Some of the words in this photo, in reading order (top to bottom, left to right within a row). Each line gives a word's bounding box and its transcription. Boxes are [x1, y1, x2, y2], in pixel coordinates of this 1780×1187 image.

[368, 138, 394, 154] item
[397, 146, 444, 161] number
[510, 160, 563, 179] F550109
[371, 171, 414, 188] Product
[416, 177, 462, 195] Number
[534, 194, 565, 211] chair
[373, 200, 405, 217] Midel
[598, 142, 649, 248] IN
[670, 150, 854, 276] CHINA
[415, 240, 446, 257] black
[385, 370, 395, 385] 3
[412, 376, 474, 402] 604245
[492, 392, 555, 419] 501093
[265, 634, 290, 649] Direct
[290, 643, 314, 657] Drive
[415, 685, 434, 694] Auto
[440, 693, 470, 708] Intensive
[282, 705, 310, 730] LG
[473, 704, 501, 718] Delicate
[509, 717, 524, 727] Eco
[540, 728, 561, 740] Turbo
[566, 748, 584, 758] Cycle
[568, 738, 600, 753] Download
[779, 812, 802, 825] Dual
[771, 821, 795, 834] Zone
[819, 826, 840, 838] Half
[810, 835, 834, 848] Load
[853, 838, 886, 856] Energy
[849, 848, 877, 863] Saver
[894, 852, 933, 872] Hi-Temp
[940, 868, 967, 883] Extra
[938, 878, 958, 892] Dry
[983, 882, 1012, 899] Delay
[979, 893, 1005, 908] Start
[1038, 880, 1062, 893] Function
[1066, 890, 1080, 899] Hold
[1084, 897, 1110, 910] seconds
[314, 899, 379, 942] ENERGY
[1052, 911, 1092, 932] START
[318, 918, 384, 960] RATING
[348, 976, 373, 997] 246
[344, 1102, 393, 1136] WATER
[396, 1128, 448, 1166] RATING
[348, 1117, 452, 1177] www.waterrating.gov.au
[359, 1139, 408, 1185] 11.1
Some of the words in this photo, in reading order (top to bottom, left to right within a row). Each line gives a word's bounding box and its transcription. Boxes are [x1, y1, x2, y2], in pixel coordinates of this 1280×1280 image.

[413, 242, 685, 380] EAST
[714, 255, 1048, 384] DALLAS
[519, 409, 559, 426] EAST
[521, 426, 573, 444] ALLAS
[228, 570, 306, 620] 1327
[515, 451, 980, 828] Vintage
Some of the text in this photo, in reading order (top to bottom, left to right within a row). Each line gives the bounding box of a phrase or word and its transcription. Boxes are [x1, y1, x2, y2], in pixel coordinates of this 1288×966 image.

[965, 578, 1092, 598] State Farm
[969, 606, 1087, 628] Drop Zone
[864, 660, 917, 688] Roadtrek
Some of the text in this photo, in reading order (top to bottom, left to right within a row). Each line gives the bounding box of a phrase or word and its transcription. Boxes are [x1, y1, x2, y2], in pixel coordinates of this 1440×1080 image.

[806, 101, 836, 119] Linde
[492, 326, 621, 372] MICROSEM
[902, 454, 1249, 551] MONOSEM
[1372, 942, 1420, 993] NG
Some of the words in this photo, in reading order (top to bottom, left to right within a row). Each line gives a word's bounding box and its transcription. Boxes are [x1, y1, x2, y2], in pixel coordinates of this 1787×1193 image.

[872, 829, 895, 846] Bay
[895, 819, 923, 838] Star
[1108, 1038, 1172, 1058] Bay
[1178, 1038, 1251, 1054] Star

★ ★ ★ ★

Write the line containing "this 1288×966 image." and all the lines after it out again, word for word, through the end of the material, and nothing besides.

Some of the text in this photo, in reading order (top to bottom, left to right within a row). Each line gives the bounding box of a phrase or word and its transcription. Boxes are [x1, y1, x2, y2], in pixel coordinates of this 1288×966 image.

[965, 578, 1092, 598] State Farm
[969, 606, 1087, 628] Drop Zone
[864, 660, 917, 688] Roadtrek
Some of the text in this photo, in reading order (top to bottom, left to right within a row). Each line gives the bounding box of a phrase or word and its transcription. Boxes are [x1, y1, x2, y2], in pixel coordinates of this 1440×1080 image.

[806, 101, 836, 119] Linde
[492, 326, 621, 372] MICROSEM
[902, 454, 1249, 551] MONOSEM
[1372, 942, 1420, 993] NG
Some of the words in this photo, in reading order (top to bottom, left to right within a row). Each line gives a word's bounding box and its transcription. Boxes are [x1, y1, x2, y2], in pixel coordinates of this 1787×1193 image.

[872, 829, 895, 846] Bay
[895, 819, 923, 838] Star
[1108, 1038, 1172, 1058] Bay
[1178, 1038, 1251, 1054] Star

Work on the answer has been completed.